Abiraterone acetate is an androgen biosynthesis inhibitor used primarily in the treatment of metastatic castration-resistant prostate cancer. It works by blocking CYP17A1, an enzyme crucial for androgen production. Prednisone is a synthetic corticosteroid that mimics cortisol and is used to manage inflammation and suppress immune responses. In prostate cancer treatment, prednisone is often prescribed alongside abiraterone to help manage mineralocorticoid excess caused by abiraterone's mechanism of action.

Mechanism of Interaction

The interaction between abiraterone and prednisone is primarily pharmacodynamic rather than pharmacokinetic. Abiraterone inhibits CYP17A1, which not only blocks androgen synthesis but also affects cortisol production, leading to increased ACTH levels and subsequent mineralocorticoid excess. This can result in hypertension, hypokalemia, and fluid retention. Prednisone helps counteract these effects by providing exogenous corticosteroid activity, suppressing ACTH release, and reducing mineralocorticoid-related side effects.

Risks and Symptoms

The primary risks of this drug combination include enhanced corticosteroid effects leading to increased susceptibility to infections, delayed wound healing, osteoporosis, hyperglycemia, and mood changes. Patients may experience elevated blood pressure, electrolyte imbalances (particularly hypokalemia), and fluid retention. Long-term use increases the risk of adrenal suppression, cardiovascular complications, and metabolic disorders. Additionally, the combination may mask signs of infection due to prednisone's immunosuppressive effects.

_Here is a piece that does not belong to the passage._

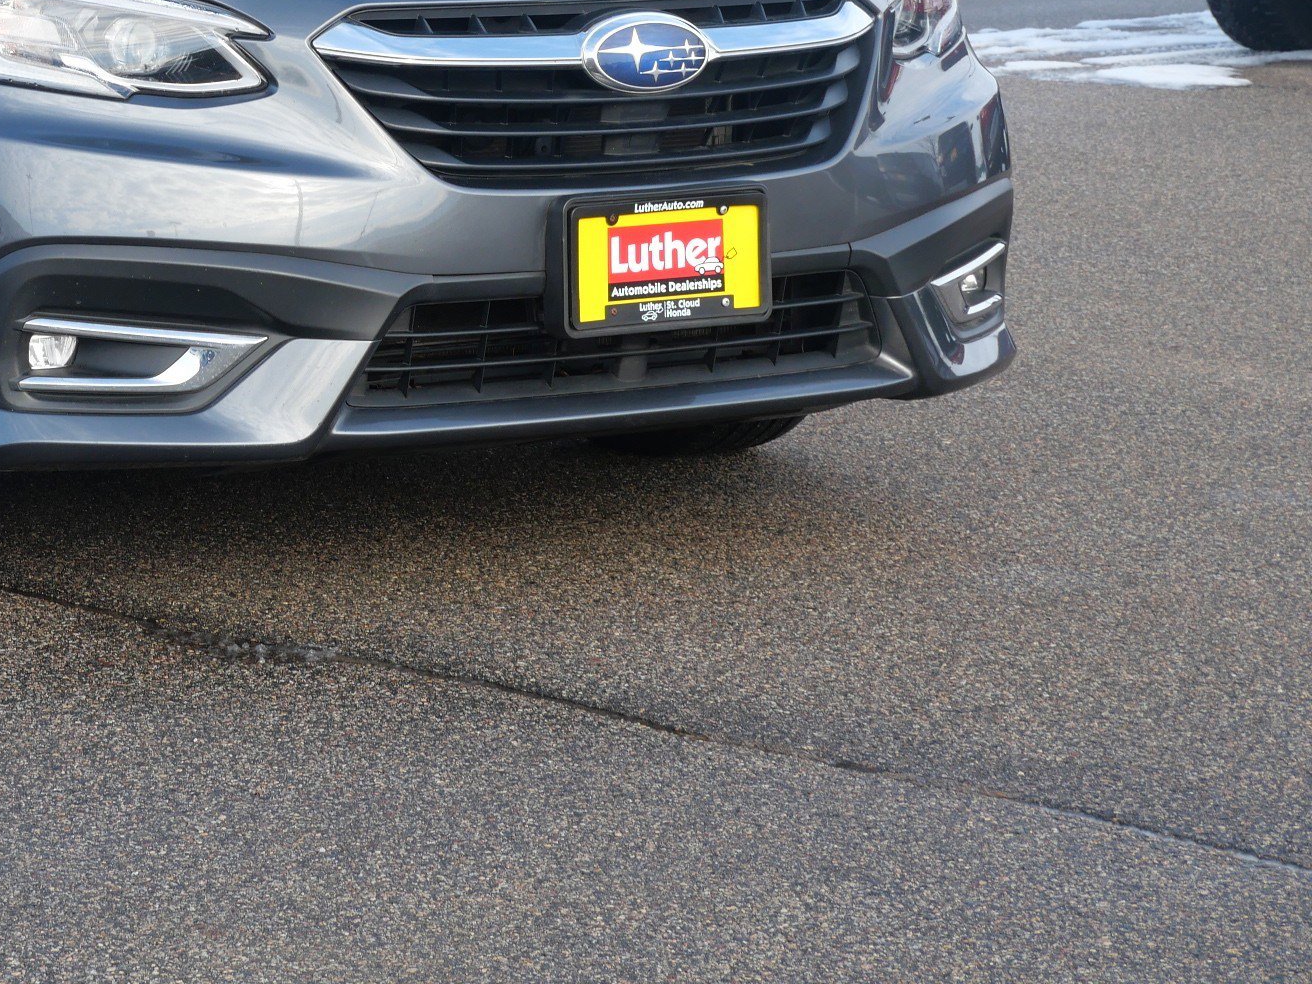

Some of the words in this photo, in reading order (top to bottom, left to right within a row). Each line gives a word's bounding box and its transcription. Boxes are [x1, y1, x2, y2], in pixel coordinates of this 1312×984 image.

Management and Precautions

Regular monitoring is essential when using abiraterone and prednisone together. Healthcare providers should monitor blood pressure, serum potassium levels, liver function tests, and blood glucose levels at baseline and regularly throughout treatment. Patients should be assessed for signs of infection, cardiovascular complications, and bone health. Dose adjustments may be necessary based on individual patient response and tolerance. Gradual tapering of prednisone is required when discontinuing to prevent adrenal insufficiency. Patients should be counseled on infection prevention, dietary modifications, and the importance of medication compliance.

Prednisone interactions with food and lifestyle

Prednisone should be taken with food or milk to reduce stomach irritation and gastrointestinal upset. Alcohol consumption should be limited or avoided while taking prednisone, as both can increase the risk of stomach ulcers and gastrointestinal bleeding. Patients should also limit sodium intake and increase calcium and vitamin D consumption, as prednisone can cause sodium retention and bone loss. Grapefruit and grapefruit juice should be avoided as they may increase prednisone levels in the blood. Live vaccines should be avoided during prednisone treatment due to immunosuppression.